Closed tsuomela closed 8 years ago
It might be related to this ticket: https://github.com/lintool/warcbase/issues/211
At this point it would probably be enough to just extract everything from the single seed and then share that with the Oilers.
Being able to identify the image using a checksum is probably overkill for this initial request but certainly has utility for analysis and comparison of images.
Right now, we could definitely grab all the URLs but then I think we'd have to wget
them from the Internet Archive which doesn't strike me as an ideal solution... (unless there aren't that many images)
Heritage Community Foundation is done downloading, and can be found here: /data/heritage_community_foundation
Should I setup warcbase on the machine?
Great! Sure, or I am happy to set it up.
I can get it set-up here in a few. Setting up the last few scripts to grab the low priority datasets.

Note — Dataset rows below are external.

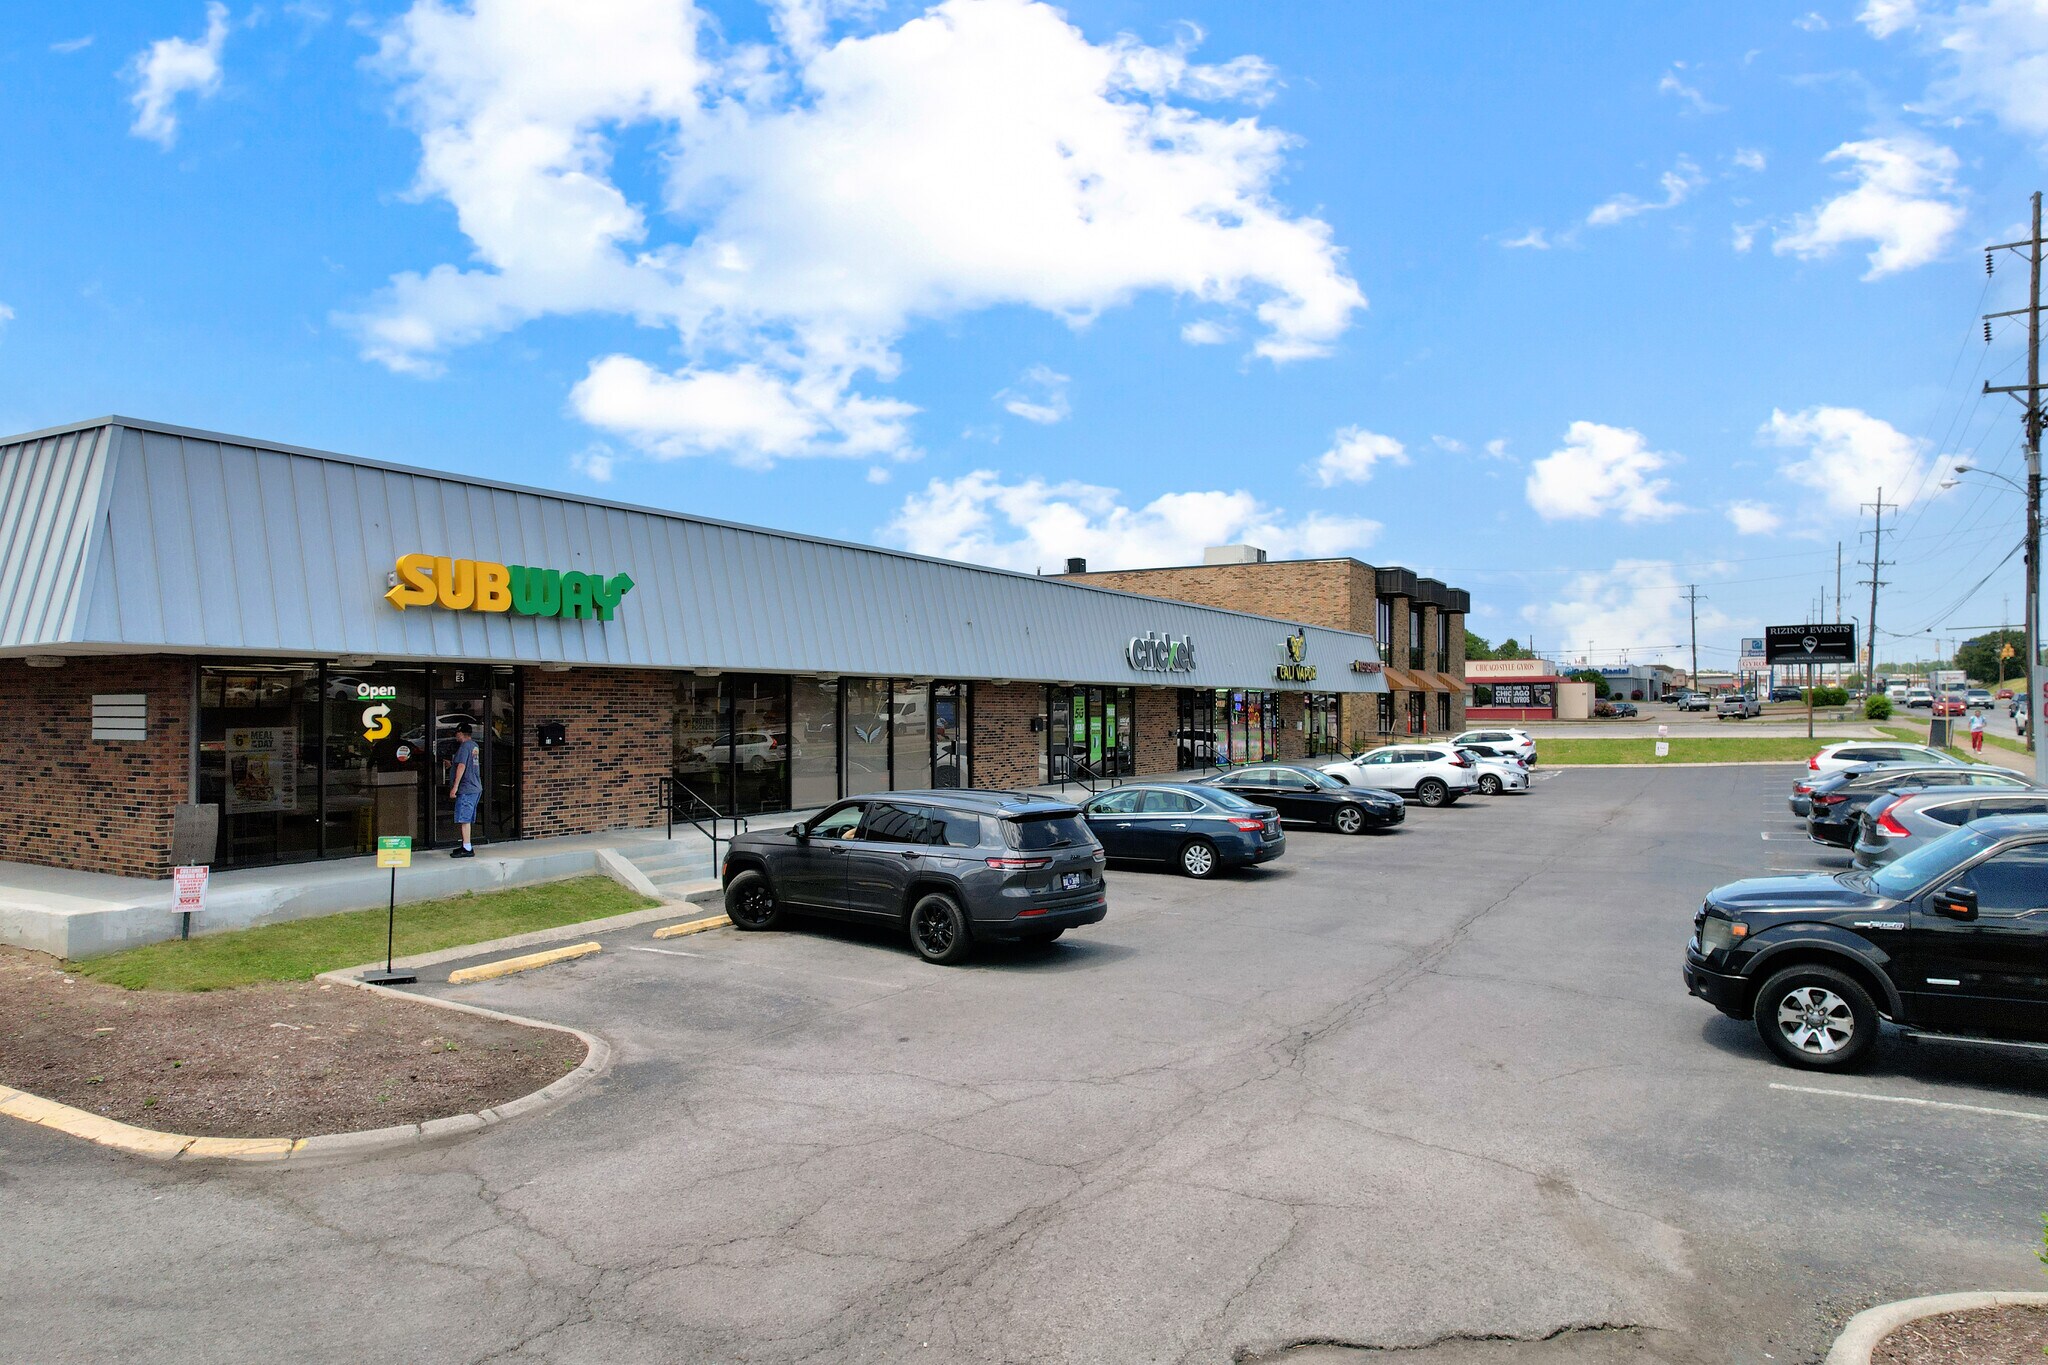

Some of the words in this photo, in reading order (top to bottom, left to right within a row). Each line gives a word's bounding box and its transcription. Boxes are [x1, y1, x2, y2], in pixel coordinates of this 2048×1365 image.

[384, 552, 636, 621] SUBWAY
[1770, 627, 1805, 635] RIZING
[1809, 625, 1851, 634] EVENTS
[1128, 630, 1197, 672] cricket
[1476, 664, 1499, 672] CHICAGO
[1499, 663, 1515, 671] STYLE
[1516, 663, 1535, 671] GYROS
[1278, 665, 1295, 681] CALI
[1296, 665, 1317, 681] VAPOR
[357, 683, 396, 700] Open
[1495, 696, 1511, 704] STYLE
[1513, 696, 1530, 704] GYROS
[250, 730, 274, 740] MEAL
[257, 739, 274, 748] DAY
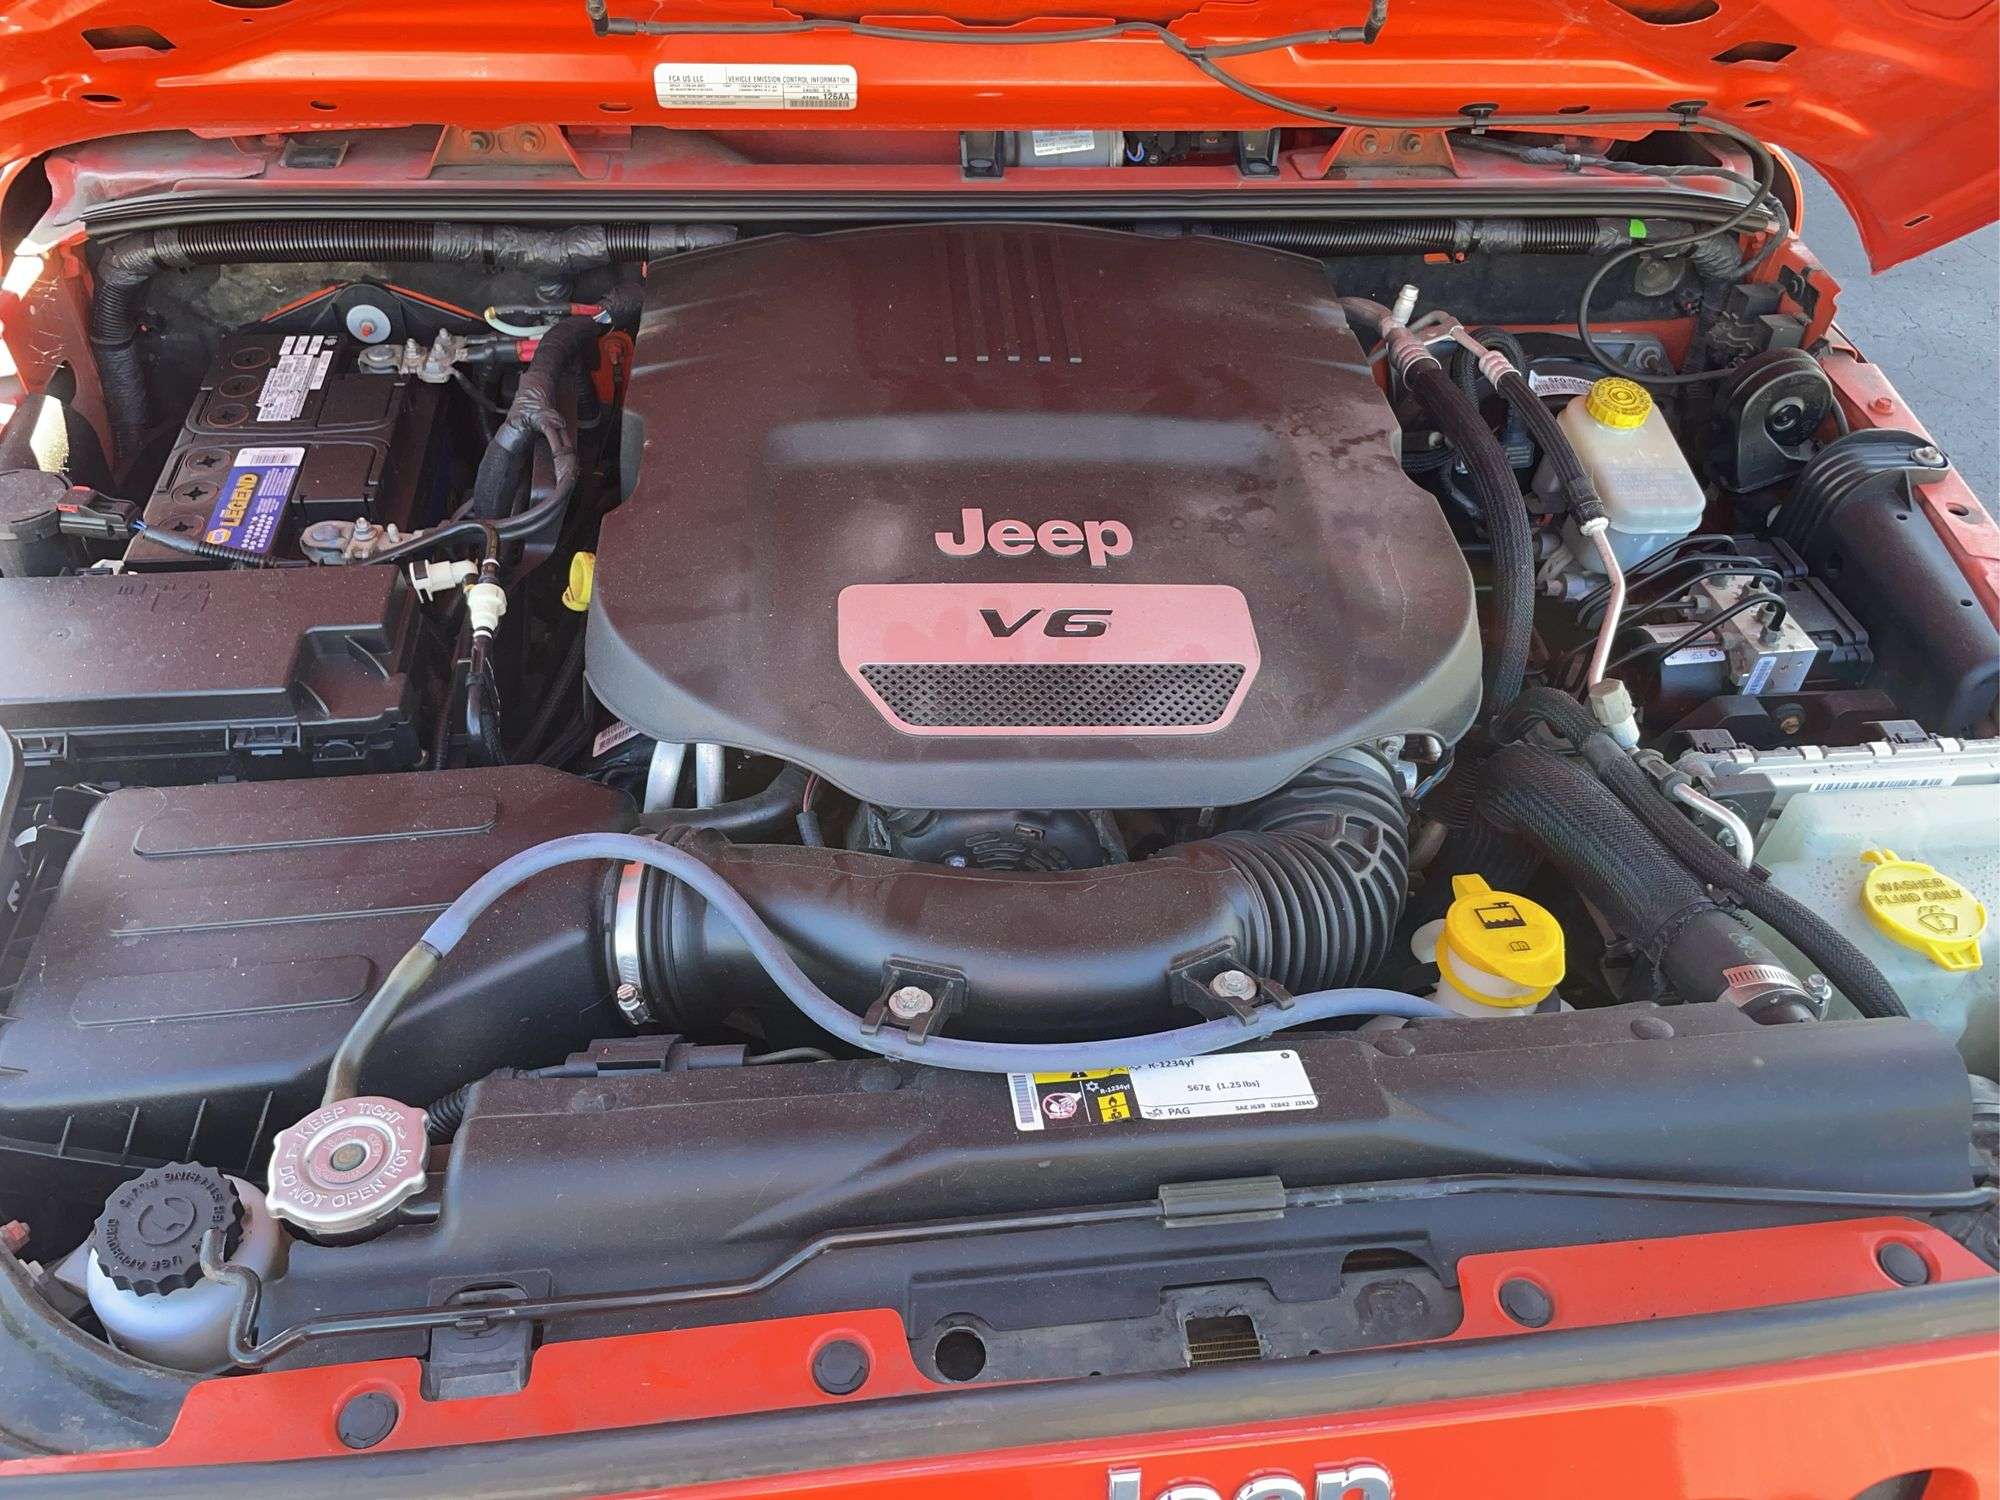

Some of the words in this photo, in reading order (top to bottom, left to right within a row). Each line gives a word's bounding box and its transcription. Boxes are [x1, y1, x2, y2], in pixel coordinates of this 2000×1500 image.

[823, 92, 850, 101] 126AA
[221, 473, 259, 527] LEGEND
[934, 507, 1134, 568] Jeep
[979, 608, 1114, 638] V6
[1873, 892, 1922, 905] FLUID
[1923, 889, 1963, 901] ONLY
[1876, 877, 1946, 893] WASHER
[1186, 1083, 1212, 1093] 567g
[295, 1105, 348, 1140] KEEP
[357, 1102, 406, 1124] TIGHT
[1168, 1107, 1192, 1117] PAG
[279, 1165, 298, 1188] DO
[383, 1148, 413, 1179] HOT
[288, 1183, 329, 1209] NOT
[331, 1178, 388, 1209] OPEN

Warcbase is all setup. I'd hold off on running anything until I get all the datasets copied over. That should be done in the next day or so.
Wonderful. Thanks guys for tackling this. I know the issue may be a bit tangential but I thought it may be of interest to some in the library community because accessing WARC files and collections is one of the questions I hear from librarians. I'm curious to see what we can do through warcbase.
Need to liase with Jimmy at some point and see what the best way to do this is.. we can run an image extract job and see how big the numbers are, but if it's a ton of images we'll want to extract them from the WARCs themselves rather than make a bunch of slow calls to the Internet Archive..
OK! Now that we have warcbase set up, I could write a job to get all the image URLs from the oilers heritage site. We could wget
them down and get them to you somehow.
Is this still useful to you @tsuomela? And is it only for one crawl or for multiple crawls?
I'll close for now, unless we hear that this is still an active research question!
@ianmilligan1 @ruebot
UAL was recently contacted by the Edmonton Oilers to recover some images from the Heritage Community Foundation collection.
The seed is http:/www.oilersheritage.com/
Would warcbase be able to extract the images from the seed after the collection is added to the cloud?